Spatial heterogeneity of transcriptional and genetic markers between physically isolated biopsies of a single tumor poses major barriers to the identification of biomarkers and the development of targeted therapies that will be effective against the entire tumor. We analyzed the spatial heterogeneity of multiregional biopsies from 35 patients, using a combination of transcriptomic and genomic profiles. Medulloblastomas (MBs), but not high-grade gliomas (HGGs), demonstrated spatially homogeneous transcriptomes, which allowed for accurate subgrouping of tumors from a single biopsy. Conversely, somatic mutations that affect genes suitable for targeted therapeutics demonstrated high levels of spatial heterogeneity in MB, malignant glioma, and renal cell carcinoma (RCC). Actionable targets found in a single MB biopsy were seldom clonal across the entire tumor, which brings the efficacy of monotherapies against a single target into question. Clinical trials of targeted therapies for MB should first ensure the spatially ubiquitous nature of the target mutation.

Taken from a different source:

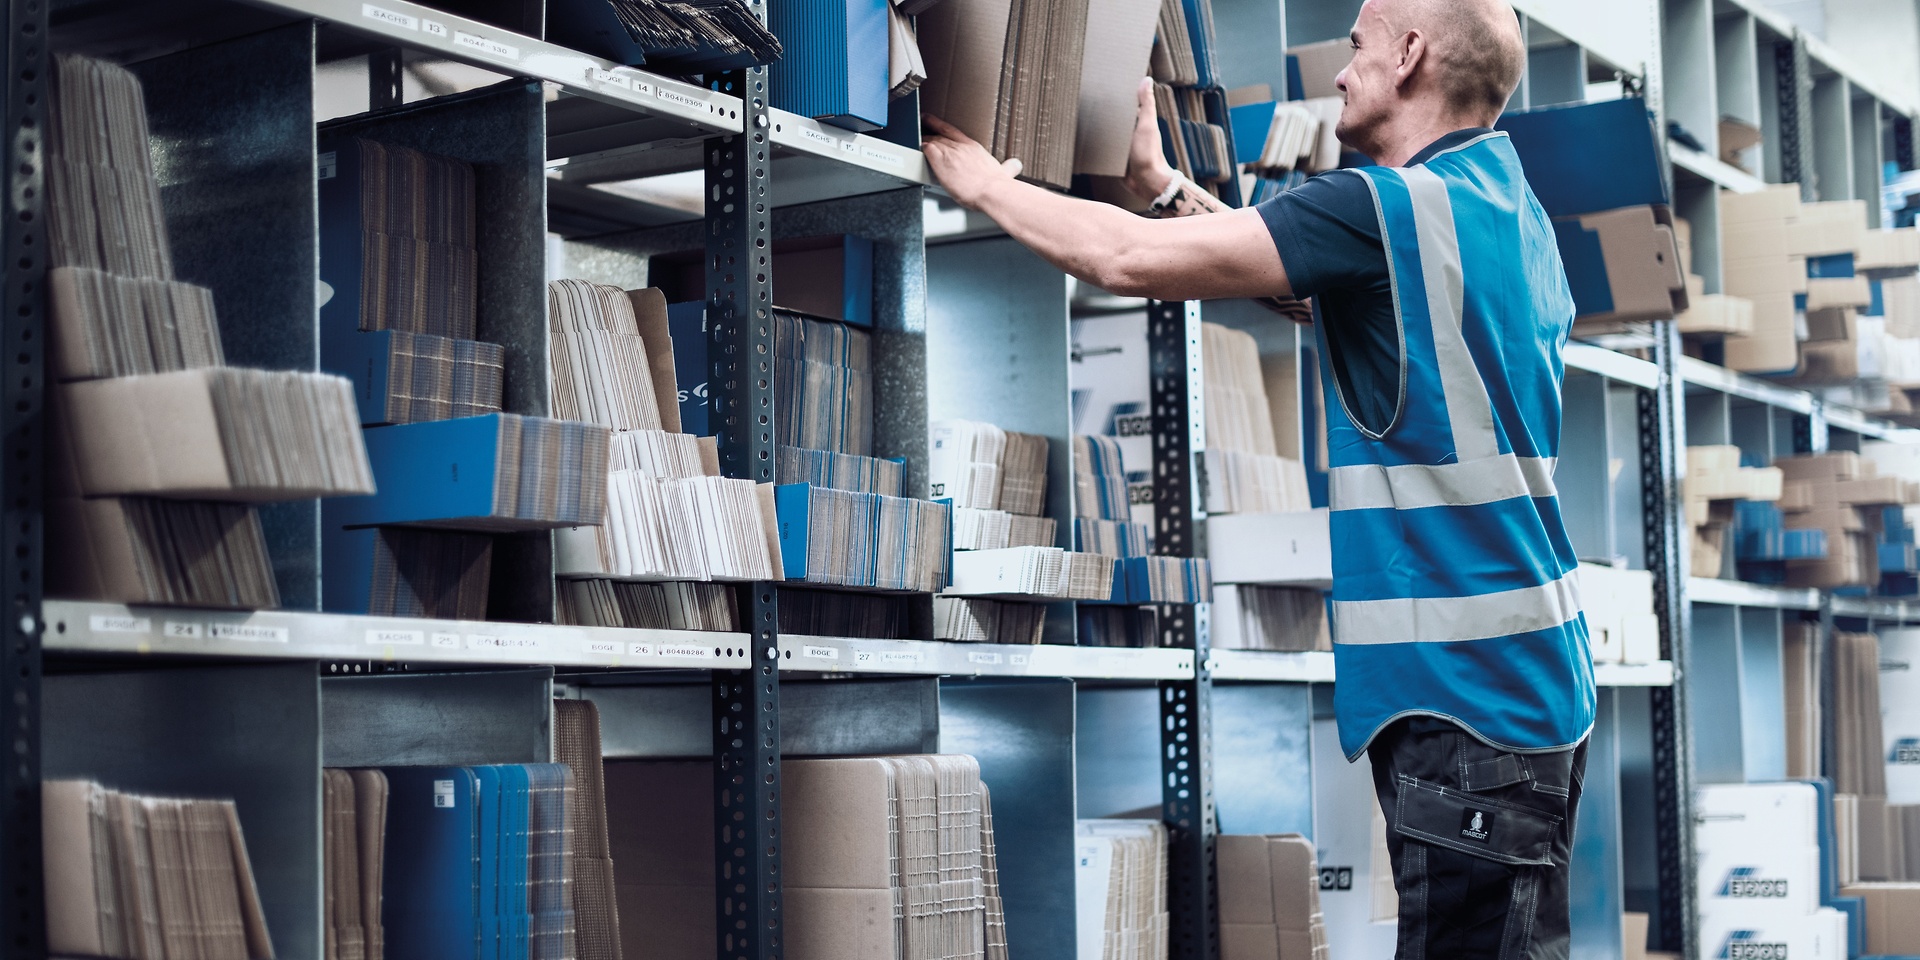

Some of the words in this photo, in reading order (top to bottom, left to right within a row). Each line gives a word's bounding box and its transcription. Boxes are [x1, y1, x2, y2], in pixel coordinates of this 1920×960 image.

单个肿瘤的物理隔离活检样本之间转录和遗传标记的空间异质性,对生物标志物的识别以及开发能有效对抗整个肿瘤的靶向治疗构成了重大障碍。我们结合转录组学和基因组图谱分析了35例患者多区域活检样本的空间异质性。髓母细胞瘤(MBs)而非高级别胶质瘤(HGGs)表现出空间均匀的转录组,这使得能够从单个活检样本中对肿瘤进行准确的亚组分类。相反,影响适合靶向治疗的基因的体细胞突变在MB、恶性胶质瘤和肾细胞癌(RCC)中表现出高度的空间异质性。在单个MB活检样本中发现的可操作靶点很少在整个肿瘤中呈克隆性,这使得针对单一靶点的单药治疗的疗效受到质疑。MB靶向治疗的临床试验应首先确保靶点突变在空间上的普遍存在性。